_PROBLEM STATEMENT_: In the answer, each line must appear exactly as in the records, and no picture may appear.
━━ SUPPLIED RECORDS
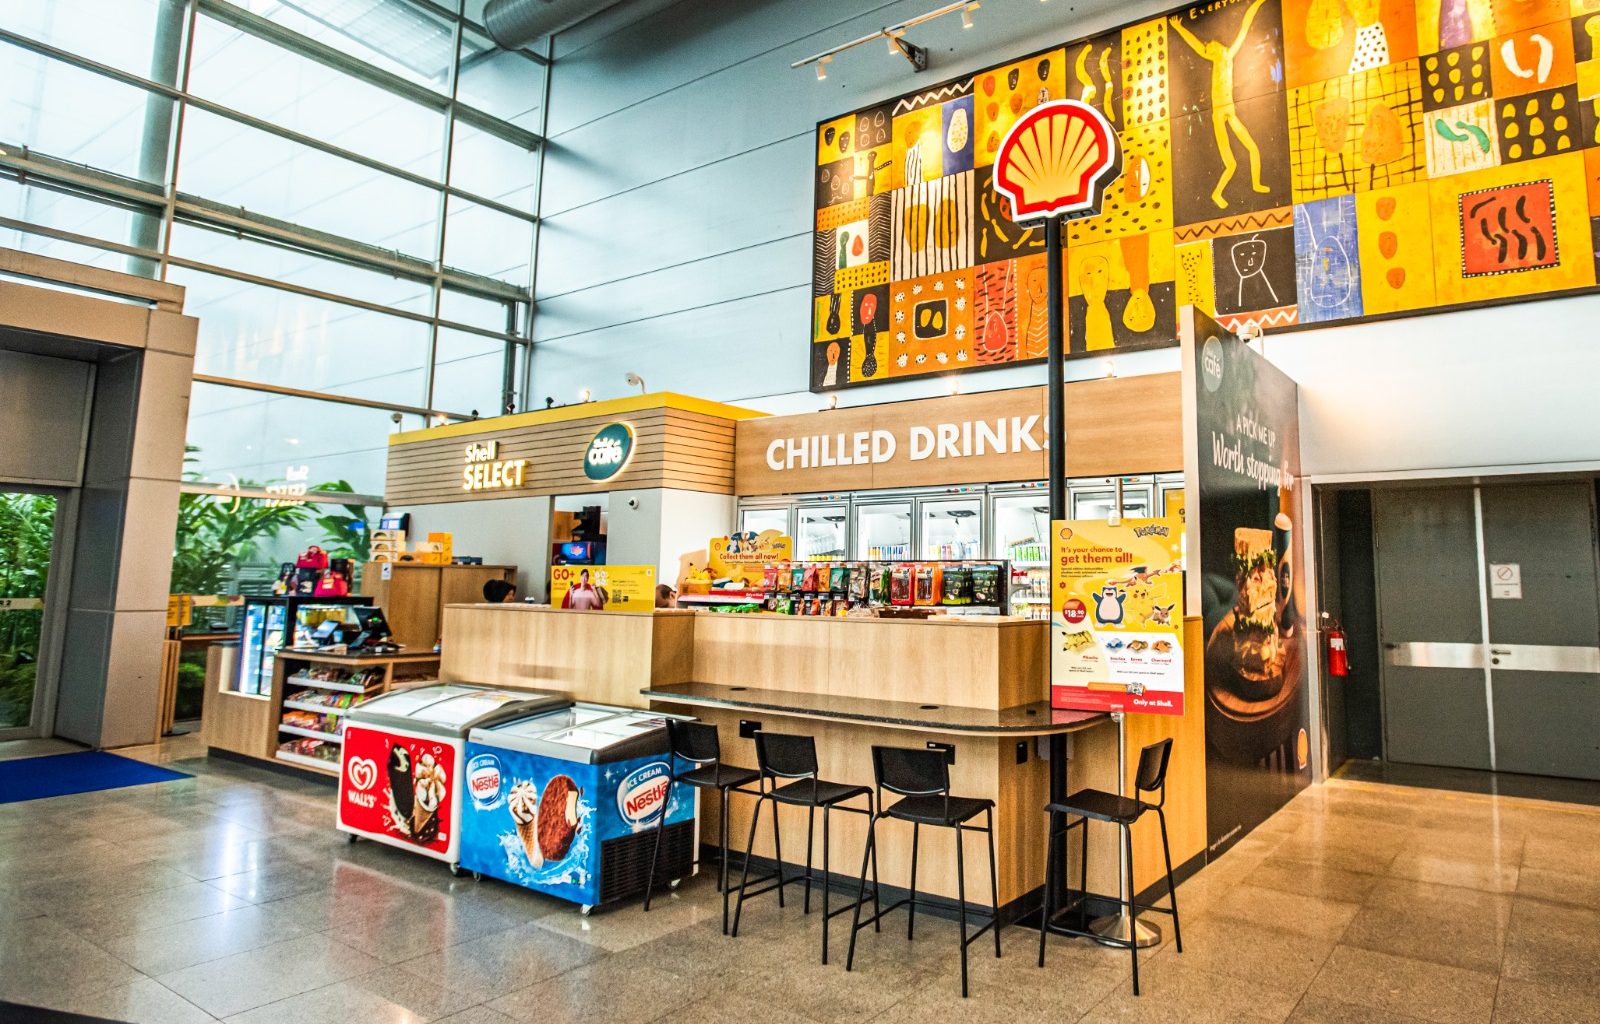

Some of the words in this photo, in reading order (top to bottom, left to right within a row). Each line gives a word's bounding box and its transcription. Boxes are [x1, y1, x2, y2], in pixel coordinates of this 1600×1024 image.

[766, 429, 897, 471] CHILLED
[909, 414, 1067, 462] DRINK
[1242, 415, 1258, 441] PICK
[1267, 428, 1276, 449] UP
[464, 440, 497, 463] Shell
[1212, 430, 1245, 475] Worth
[1246, 452, 1281, 497] stopping
[463, 460, 527, 490] SELECT
[1060, 555, 1080, 566] get
[1082, 553, 1112, 563] them
[1115, 552, 1133, 563] all!
[1133, 699, 1148, 707] Only
[638, 767, 662, 782] CREAM
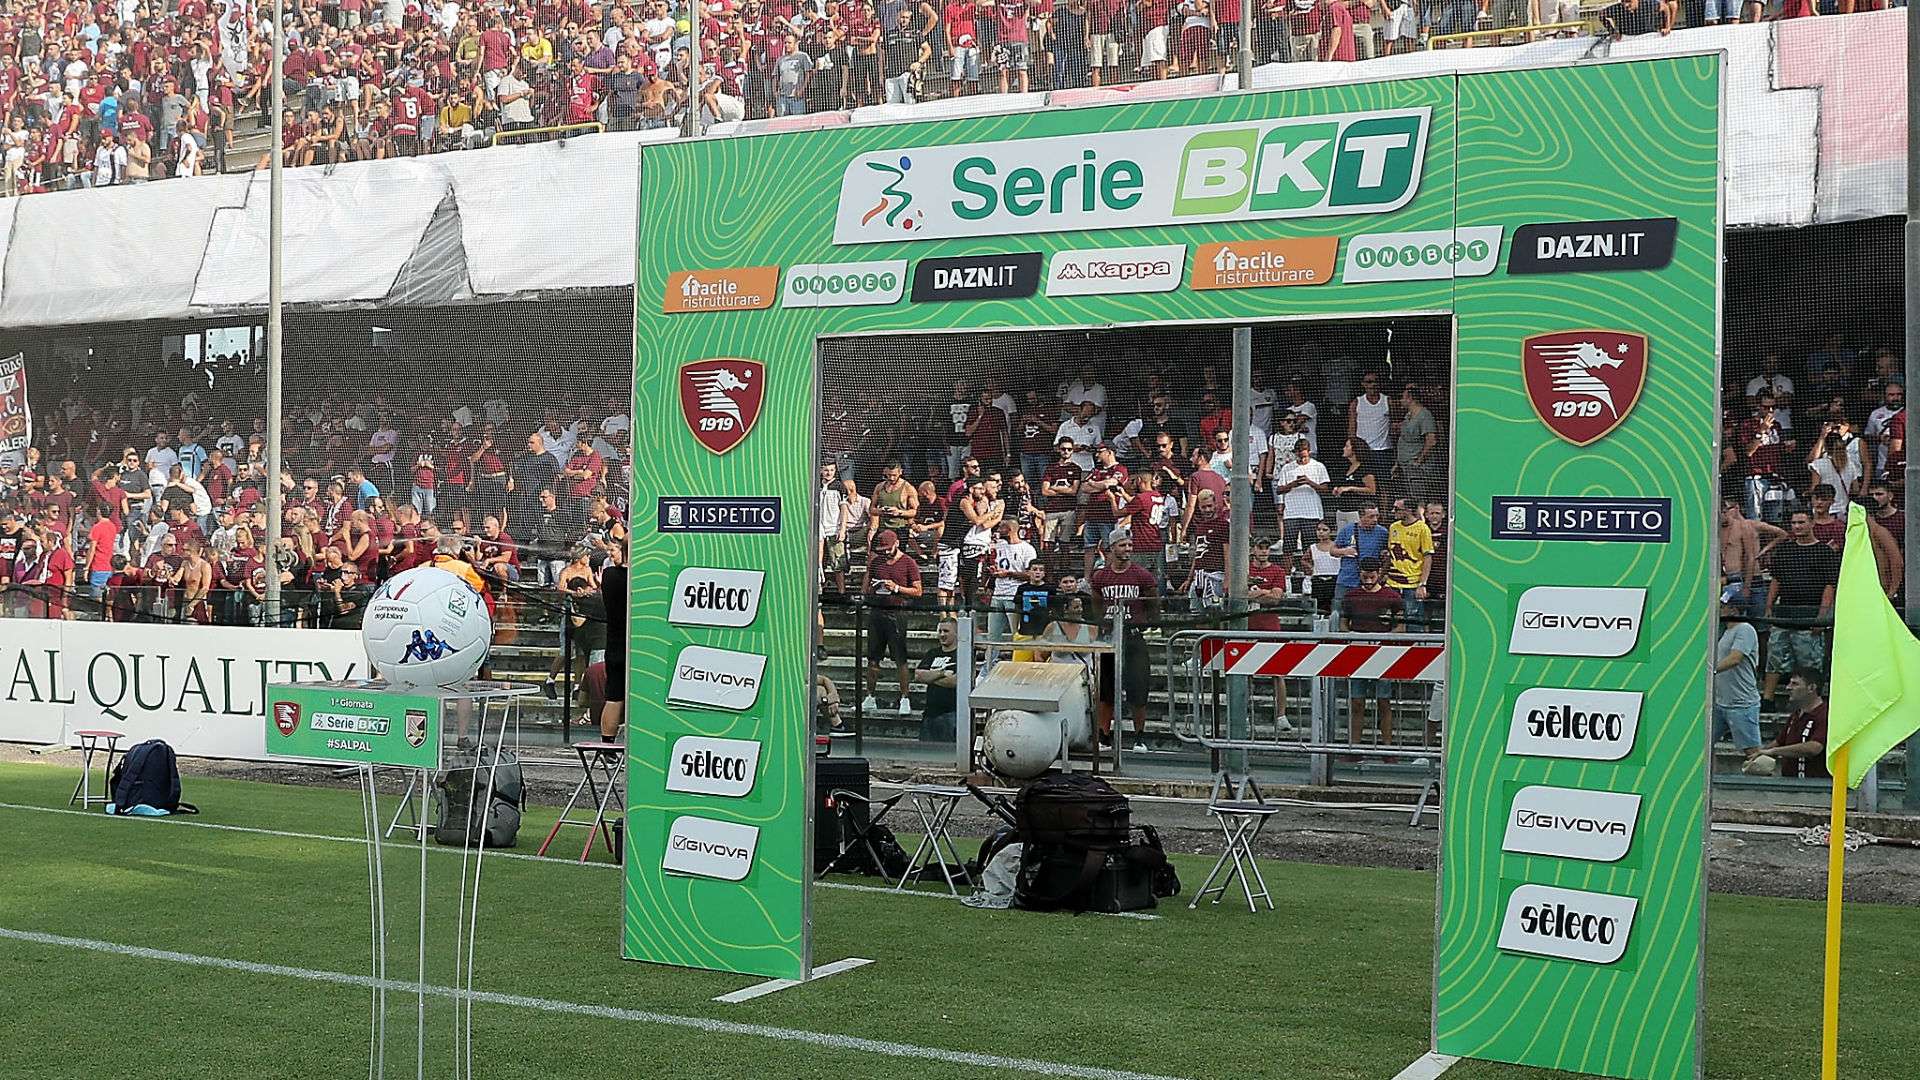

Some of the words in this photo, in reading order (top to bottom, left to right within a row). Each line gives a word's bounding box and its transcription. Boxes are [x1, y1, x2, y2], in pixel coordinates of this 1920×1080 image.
━━━━
_ANSWER FOR THE TASK_:
Some of the words in this photo, in reading order (top to bottom, left to right within a row). Each line gives a word's bounding box and its transcription. Boxes are [x1, y1, x2, y2], in pixel coordinates of this 1600×1024 image.

[766, 429, 897, 471] CHILLED
[909, 414, 1067, 462] DRINK
[1242, 415, 1258, 441] PICK
[1267, 428, 1276, 449] UP
[464, 440, 497, 463] Shell
[1212, 430, 1245, 475] Worth
[1246, 452, 1281, 497] stopping
[463, 460, 527, 490] SELECT
[1060, 555, 1080, 566] get
[1082, 553, 1112, 563] them
[1115, 552, 1133, 563] all!
[1133, 699, 1148, 707] Only
[638, 767, 662, 782] CREAM

Some of the words in this photo, in reading order (top to bottom, left to right within a row). Each line gives a word's bounding box and its transcription. Boxes are [x1, y1, x2, y2], in pixel coordinates of this 1920×1080 image.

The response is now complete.